| Work instructions |
Without skipping any entry, transcribe the data word for word.

Collected data:
◆ ◆ ◆ ◆ ◆ ◆ ◆

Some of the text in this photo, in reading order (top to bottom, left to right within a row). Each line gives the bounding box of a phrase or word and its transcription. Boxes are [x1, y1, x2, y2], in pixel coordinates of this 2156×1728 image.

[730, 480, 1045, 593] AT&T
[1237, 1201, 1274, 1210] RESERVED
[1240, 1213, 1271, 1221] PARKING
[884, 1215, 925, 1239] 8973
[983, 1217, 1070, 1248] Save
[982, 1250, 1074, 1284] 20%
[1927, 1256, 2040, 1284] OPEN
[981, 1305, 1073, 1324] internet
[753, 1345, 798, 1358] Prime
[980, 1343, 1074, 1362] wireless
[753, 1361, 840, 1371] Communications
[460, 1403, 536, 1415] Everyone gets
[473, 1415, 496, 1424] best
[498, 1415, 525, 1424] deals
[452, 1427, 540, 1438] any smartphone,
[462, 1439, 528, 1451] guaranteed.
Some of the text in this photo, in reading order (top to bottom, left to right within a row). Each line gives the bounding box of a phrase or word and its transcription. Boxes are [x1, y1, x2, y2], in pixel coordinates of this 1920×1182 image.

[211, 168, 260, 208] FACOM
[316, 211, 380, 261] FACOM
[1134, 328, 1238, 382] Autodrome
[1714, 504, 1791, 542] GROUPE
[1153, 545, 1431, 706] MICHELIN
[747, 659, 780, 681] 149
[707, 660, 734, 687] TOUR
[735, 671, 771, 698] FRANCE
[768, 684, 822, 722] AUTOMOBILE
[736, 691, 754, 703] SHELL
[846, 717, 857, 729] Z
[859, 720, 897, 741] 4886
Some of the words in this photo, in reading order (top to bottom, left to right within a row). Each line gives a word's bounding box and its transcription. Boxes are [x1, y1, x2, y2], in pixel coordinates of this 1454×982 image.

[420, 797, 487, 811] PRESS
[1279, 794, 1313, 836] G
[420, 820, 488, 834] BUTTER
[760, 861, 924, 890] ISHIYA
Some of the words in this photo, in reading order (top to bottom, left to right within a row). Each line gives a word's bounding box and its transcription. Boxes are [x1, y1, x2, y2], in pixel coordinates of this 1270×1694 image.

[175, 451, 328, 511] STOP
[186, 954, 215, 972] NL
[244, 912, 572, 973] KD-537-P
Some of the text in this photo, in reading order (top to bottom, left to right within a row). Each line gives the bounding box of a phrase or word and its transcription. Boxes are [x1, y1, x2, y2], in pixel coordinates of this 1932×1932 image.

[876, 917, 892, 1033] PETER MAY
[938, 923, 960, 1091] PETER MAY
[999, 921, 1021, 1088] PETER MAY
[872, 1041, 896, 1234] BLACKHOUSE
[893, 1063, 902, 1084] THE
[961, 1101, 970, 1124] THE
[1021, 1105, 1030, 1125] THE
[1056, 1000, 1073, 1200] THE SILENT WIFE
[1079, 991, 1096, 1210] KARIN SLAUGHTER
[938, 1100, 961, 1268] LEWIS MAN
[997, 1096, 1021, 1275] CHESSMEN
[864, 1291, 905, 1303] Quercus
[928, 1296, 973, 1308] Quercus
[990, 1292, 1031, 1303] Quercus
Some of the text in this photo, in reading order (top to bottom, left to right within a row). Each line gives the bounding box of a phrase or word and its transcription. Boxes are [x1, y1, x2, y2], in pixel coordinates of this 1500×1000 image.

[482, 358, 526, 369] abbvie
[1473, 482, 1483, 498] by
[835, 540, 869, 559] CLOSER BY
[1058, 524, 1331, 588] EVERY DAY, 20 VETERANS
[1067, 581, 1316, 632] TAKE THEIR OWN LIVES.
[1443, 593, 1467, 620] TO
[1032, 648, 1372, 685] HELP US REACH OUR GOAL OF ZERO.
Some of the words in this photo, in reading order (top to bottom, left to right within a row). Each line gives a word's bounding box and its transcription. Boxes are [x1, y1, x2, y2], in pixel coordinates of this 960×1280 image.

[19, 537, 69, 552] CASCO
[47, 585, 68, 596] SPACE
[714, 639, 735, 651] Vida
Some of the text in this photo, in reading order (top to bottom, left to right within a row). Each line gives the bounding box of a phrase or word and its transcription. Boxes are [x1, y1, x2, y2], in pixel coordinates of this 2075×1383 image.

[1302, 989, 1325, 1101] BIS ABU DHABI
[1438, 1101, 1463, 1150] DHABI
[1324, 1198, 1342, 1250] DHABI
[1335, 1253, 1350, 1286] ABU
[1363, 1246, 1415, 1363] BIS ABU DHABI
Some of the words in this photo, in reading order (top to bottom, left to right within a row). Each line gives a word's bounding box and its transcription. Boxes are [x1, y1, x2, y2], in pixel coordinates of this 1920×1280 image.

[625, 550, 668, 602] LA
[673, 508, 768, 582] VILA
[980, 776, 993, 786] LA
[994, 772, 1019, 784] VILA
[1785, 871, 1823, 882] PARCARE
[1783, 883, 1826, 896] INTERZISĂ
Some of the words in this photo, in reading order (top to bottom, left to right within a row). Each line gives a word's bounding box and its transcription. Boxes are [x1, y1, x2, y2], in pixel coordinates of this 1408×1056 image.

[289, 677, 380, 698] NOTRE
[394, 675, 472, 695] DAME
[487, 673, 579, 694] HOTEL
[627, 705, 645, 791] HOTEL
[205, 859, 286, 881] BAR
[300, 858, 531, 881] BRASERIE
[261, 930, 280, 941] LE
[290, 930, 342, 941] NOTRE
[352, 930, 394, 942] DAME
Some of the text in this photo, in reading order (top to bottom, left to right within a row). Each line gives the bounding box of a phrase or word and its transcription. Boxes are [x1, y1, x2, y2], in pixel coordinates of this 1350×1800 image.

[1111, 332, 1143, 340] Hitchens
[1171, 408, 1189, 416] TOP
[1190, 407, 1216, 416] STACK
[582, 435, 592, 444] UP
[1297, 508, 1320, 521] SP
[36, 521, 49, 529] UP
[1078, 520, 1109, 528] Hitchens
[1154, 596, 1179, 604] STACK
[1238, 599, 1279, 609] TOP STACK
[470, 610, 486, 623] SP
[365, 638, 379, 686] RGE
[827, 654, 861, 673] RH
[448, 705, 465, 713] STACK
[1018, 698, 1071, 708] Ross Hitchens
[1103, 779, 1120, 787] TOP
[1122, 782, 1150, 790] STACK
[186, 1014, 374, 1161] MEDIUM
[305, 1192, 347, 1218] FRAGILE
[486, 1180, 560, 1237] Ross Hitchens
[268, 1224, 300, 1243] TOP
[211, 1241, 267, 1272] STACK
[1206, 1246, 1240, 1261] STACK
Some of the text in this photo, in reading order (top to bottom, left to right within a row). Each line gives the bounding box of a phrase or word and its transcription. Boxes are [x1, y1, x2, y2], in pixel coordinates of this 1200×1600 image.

◆ ◆ ◆ ◆ ◆ ◆ ◆

| Finished exercise |
Some of the text in this photo, in reading order (top to bottom, left to right within a row). Each line gives the bounding box of a phrase or word and its transcription. Boxes are [x1, y1, x2, y2], in pixel coordinates of this 2156×1728 image.

[730, 480, 1045, 593] AT&T
[1237, 1201, 1274, 1210] RESERVED
[1240, 1213, 1271, 1221] PARKING
[884, 1215, 925, 1239] 8973
[983, 1217, 1070, 1248] Save
[982, 1250, 1074, 1284] 20%
[1927, 1256, 2040, 1284] OPEN
[981, 1305, 1073, 1324] internet
[753, 1345, 798, 1358] Prime
[980, 1343, 1074, 1362] wireless
[753, 1361, 840, 1371] Communications
[460, 1403, 536, 1415] Everyone gets
[473, 1415, 496, 1424] best
[498, 1415, 525, 1424] deals
[452, 1427, 540, 1438] any smartphone,
[462, 1439, 528, 1451] guaranteed.
Some of the text in this photo, in reading order (top to bottom, left to right within a row). Each line gives the bounding box of a phrase or word and its transcription. Boxes are [x1, y1, x2, y2], in pixel coordinates of this 1920×1182 image.

[211, 168, 260, 208] FACOM
[316, 211, 380, 261] FACOM
[1134, 328, 1238, 382] Autodrome
[1714, 504, 1791, 542] GROUPE
[1153, 545, 1431, 706] MICHELIN
[747, 659, 780, 681] 149
[707, 660, 734, 687] TOUR
[735, 671, 771, 698] FRANCE
[768, 684, 822, 722] AUTOMOBILE
[736, 691, 754, 703] SHELL
[846, 717, 857, 729] Z
[859, 720, 897, 741] 4886
Some of the words in this photo, in reading order (top to bottom, left to right within a row). Each line gives a word's bounding box and its transcription. Boxes are [x1, y1, x2, y2], in pixel coordinates of this 1454×982 image.

[420, 797, 487, 811] PRESS
[1279, 794, 1313, 836] G
[420, 820, 488, 834] BUTTER
[760, 861, 924, 890] ISHIYA
Some of the words in this photo, in reading order (top to bottom, left to right within a row). Each line gives a word's bounding box and its transcription. Boxes are [x1, y1, x2, y2], in pixel coordinates of this 1270×1694 image.

[175, 451, 328, 511] STOP
[186, 954, 215, 972] NL
[244, 912, 572, 973] KD-537-P
Some of the text in this photo, in reading order (top to bottom, left to right within a row). Each line gives the bounding box of a phrase or word and its transcription. Boxes are [x1, y1, x2, y2], in pixel coordinates of this 1932×1932 image.

[876, 917, 892, 1033] PETER MAY
[938, 923, 960, 1091] PETER MAY
[999, 921, 1021, 1088] PETER MAY
[872, 1041, 896, 1234] BLACKHOUSE
[893, 1063, 902, 1084] THE
[961, 1101, 970, 1124] THE
[1021, 1105, 1030, 1125] THE
[1056, 1000, 1073, 1200] THE SILENT WIFE
[1079, 991, 1096, 1210] KARIN SLAUGHTER
[938, 1100, 961, 1268] LEWIS MAN
[997, 1096, 1021, 1275] CHESSMEN
[864, 1291, 905, 1303] Quercus
[928, 1296, 973, 1308] Quercus
[990, 1292, 1031, 1303] Quercus
Some of the text in this photo, in reading order (top to bottom, left to right within a row). Each line gives the bounding box of a phrase or word and its transcription. Boxes are [x1, y1, x2, y2], in pixel coordinates of this 1500×1000 image.

[482, 358, 526, 369] abbvie
[1473, 482, 1483, 498] by
[835, 540, 869, 559] CLOSER BY
[1058, 524, 1331, 588] EVERY DAY, 20 VETERANS
[1067, 581, 1316, 632] TAKE THEIR OWN LIVES.
[1443, 593, 1467, 620] TO
[1032, 648, 1372, 685] HELP US REACH OUR GOAL OF ZERO.
Some of the words in this photo, in reading order (top to bottom, left to right within a row). Each line gives a word's bounding box and its transcription. Boxes are [x1, y1, x2, y2], in pixel coordinates of this 960×1280 image.

[19, 537, 69, 552] CASCO
[47, 585, 68, 596] SPACE
[714, 639, 735, 651] Vida
Some of the text in this photo, in reading order (top to bottom, left to right within a row). Each line gives the bounding box of a phrase or word and its transcription. Boxes are [x1, y1, x2, y2], in pixel coordinates of this 2075×1383 image.

[1302, 989, 1325, 1101] BIS ABU DHABI
[1438, 1101, 1463, 1150] DHABI
[1324, 1198, 1342, 1250] DHABI
[1335, 1253, 1350, 1286] ABU
[1363, 1246, 1415, 1363] BIS ABU DHABI
Some of the words in this photo, in reading order (top to bottom, left to right within a row). Each line gives a word's bounding box and its transcription. Boxes are [x1, y1, x2, y2], in pixel coordinates of this 1920×1280 image.

[625, 550, 668, 602] LA
[673, 508, 768, 582] VILA
[980, 776, 993, 786] LA
[994, 772, 1019, 784] VILA
[1785, 871, 1823, 882] PARCARE
[1783, 883, 1826, 896] INTERZISĂ
Some of the words in this photo, in reading order (top to bottom, left to right within a row). Each line gives a word's bounding box and its transcription. Boxes are [x1, y1, x2, y2], in pixel coordinates of this 1408×1056 image.

[289, 677, 380, 698] NOTRE
[394, 675, 472, 695] DAME
[487, 673, 579, 694] HOTEL
[627, 705, 645, 791] HOTEL
[205, 859, 286, 881] BAR
[300, 858, 531, 881] BRASERIE
[261, 930, 280, 941] LE
[290, 930, 342, 941] NOTRE
[352, 930, 394, 942] DAME
Some of the text in this photo, in reading order (top to bottom, left to right within a row). Each line gives the bounding box of a phrase or word and its transcription. Boxes are [x1, y1, x2, y2], in pixel coordinates of this 1350×1800 image.

[1111, 332, 1143, 340] Hitchens
[1171, 408, 1189, 416] TOP
[1190, 407, 1216, 416] STACK
[582, 435, 592, 444] UP
[1297, 508, 1320, 521] SP
[36, 521, 49, 529] UP
[1078, 520, 1109, 528] Hitchens
[1154, 596, 1179, 604] STACK
[1238, 599, 1279, 609] TOP STACK
[470, 610, 486, 623] SP
[365, 638, 379, 686] RGE
[827, 654, 861, 673] RH
[448, 705, 465, 713] STACK
[1018, 698, 1071, 708] Ross Hitchens
[1103, 779, 1120, 787] TOP
[1122, 782, 1150, 790] STACK
[186, 1014, 374, 1161] MEDIUM
[305, 1192, 347, 1218] FRAGILE
[486, 1180, 560, 1237] Ross Hitchens
[268, 1224, 300, 1243] TOP
[211, 1241, 267, 1272] STACK
[1206, 1246, 1240, 1261] STACK
Some of the text in this photo, in reading order (top to bottom, left to right within a row). Each line gives the bounding box of a phrase or word and its transcription. Boxes are [x1, y1, x2, y2], in pixel coordinates of this 1200×1600 image.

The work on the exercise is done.